▶ **Your instructions**
Could you output each line of the data that follows exactly?

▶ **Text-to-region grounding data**
◇ ◇ ◇ ◇ ◇
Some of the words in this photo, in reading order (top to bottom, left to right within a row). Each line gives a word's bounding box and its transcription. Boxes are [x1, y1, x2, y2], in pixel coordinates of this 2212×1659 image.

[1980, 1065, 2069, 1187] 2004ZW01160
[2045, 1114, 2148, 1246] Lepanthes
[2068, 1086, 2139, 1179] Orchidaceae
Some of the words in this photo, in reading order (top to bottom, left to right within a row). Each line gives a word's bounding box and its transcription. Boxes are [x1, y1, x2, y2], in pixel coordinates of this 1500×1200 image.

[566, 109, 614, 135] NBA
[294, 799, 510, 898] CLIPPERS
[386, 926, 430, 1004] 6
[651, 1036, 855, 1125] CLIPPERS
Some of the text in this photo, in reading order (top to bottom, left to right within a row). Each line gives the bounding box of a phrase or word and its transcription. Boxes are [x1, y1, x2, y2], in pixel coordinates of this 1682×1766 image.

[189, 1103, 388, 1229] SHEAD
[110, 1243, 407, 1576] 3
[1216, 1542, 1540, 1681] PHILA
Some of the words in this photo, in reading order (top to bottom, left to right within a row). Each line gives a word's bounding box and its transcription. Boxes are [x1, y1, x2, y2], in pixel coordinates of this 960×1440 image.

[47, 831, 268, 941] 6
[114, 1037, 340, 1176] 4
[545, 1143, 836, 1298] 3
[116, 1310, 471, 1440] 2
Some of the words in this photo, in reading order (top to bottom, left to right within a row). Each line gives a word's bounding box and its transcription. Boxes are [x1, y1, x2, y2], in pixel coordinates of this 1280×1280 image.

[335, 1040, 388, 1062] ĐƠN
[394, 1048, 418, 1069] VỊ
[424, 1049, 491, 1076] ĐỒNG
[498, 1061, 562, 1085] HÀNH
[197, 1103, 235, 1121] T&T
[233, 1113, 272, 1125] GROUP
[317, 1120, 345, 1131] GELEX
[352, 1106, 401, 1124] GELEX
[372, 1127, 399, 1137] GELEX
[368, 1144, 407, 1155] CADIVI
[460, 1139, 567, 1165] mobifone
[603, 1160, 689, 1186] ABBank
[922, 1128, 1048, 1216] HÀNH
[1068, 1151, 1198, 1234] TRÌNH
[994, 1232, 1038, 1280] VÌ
◇ ◇ ◇ ◇ ◇
▶ **Solution to this task**
Some of the words in this photo, in reading order (top to bottom, left to right within a row). Each line gives a word's bounding box and its transcription. Boxes are [x1, y1, x2, y2], in pixel coordinates of this 2212×1659 image.

[1980, 1065, 2069, 1187] 2004ZW01160
[2045, 1114, 2148, 1246] Lepanthes
[2068, 1086, 2139, 1179] Orchidaceae
Some of the words in this photo, in reading order (top to bottom, left to right within a row). Each line gives a word's bounding box and its transcription. Boxes are [x1, y1, x2, y2], in pixel coordinates of this 1500×1200 image.

[566, 109, 614, 135] NBA
[294, 799, 510, 898] CLIPPERS
[386, 926, 430, 1004] 6
[651, 1036, 855, 1125] CLIPPERS
Some of the text in this photo, in reading order (top to bottom, left to right within a row). Each line gives the bounding box of a phrase or word and its transcription. Boxes are [x1, y1, x2, y2], in pixel coordinates of this 1682×1766 image.

[189, 1103, 388, 1229] SHEAD
[110, 1243, 407, 1576] 3
[1216, 1542, 1540, 1681] PHILA
Some of the words in this photo, in reading order (top to bottom, left to right within a row). Each line gives a word's bounding box and its transcription. Boxes are [x1, y1, x2, y2], in pixel coordinates of this 960×1440 image.

[47, 831, 268, 941] 6
[114, 1037, 340, 1176] 4
[545, 1143, 836, 1298] 3
[116, 1310, 471, 1440] 2
Some of the words in this photo, in reading order (top to bottom, left to right within a row). Each line gives a word's bounding box and its transcription. Boxes are [x1, y1, x2, y2], in pixel coordinates of this 1280×1280 image.

[335, 1040, 388, 1062] ĐƠN
[394, 1048, 418, 1069] VỊ
[424, 1049, 491, 1076] ĐỒNG
[498, 1061, 562, 1085] HÀNH
[197, 1103, 235, 1121] T&T
[233, 1113, 272, 1125] GROUP
[317, 1120, 345, 1131] GELEX
[352, 1106, 401, 1124] GELEX
[372, 1127, 399, 1137] GELEX
[368, 1144, 407, 1155] CADIVI
[460, 1139, 567, 1165] mobifone
[603, 1160, 689, 1186] ABBank
[922, 1128, 1048, 1216] HÀNH
[1068, 1151, 1198, 1234] TRÌNH
[994, 1232, 1038, 1280] VÌ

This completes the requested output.